(Information shown)
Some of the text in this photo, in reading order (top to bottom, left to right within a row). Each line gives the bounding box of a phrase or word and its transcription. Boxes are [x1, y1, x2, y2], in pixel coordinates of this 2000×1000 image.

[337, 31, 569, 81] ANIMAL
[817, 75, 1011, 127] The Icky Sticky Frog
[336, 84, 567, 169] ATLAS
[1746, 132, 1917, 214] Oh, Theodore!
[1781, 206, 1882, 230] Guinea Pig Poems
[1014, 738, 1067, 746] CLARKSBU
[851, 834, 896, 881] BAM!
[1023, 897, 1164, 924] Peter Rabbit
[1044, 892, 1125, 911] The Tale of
(End Information shown)
Instructions to follow:
Exactly as written, please output every entry.

Task output:
Some of the text in this photo, in reading order (top to bottom, left to right within a row). Each line gives the bounding box of a phrase or word and its transcription. Boxes are [x1, y1, x2, y2], in pixel coordinates of this 2000×1000 image.

[337, 31, 569, 81] ANIMAL
[817, 75, 1011, 127] The Icky Sticky Frog
[336, 84, 567, 169] ATLAS
[1746, 132, 1917, 214] Oh, Theodore!
[1781, 206, 1882, 230] Guinea Pig Poems
[1014, 738, 1067, 746] CLARKSBU
[851, 834, 896, 881] BAM!
[1023, 897, 1164, 924] Peter Rabbit
[1044, 892, 1125, 911] The Tale of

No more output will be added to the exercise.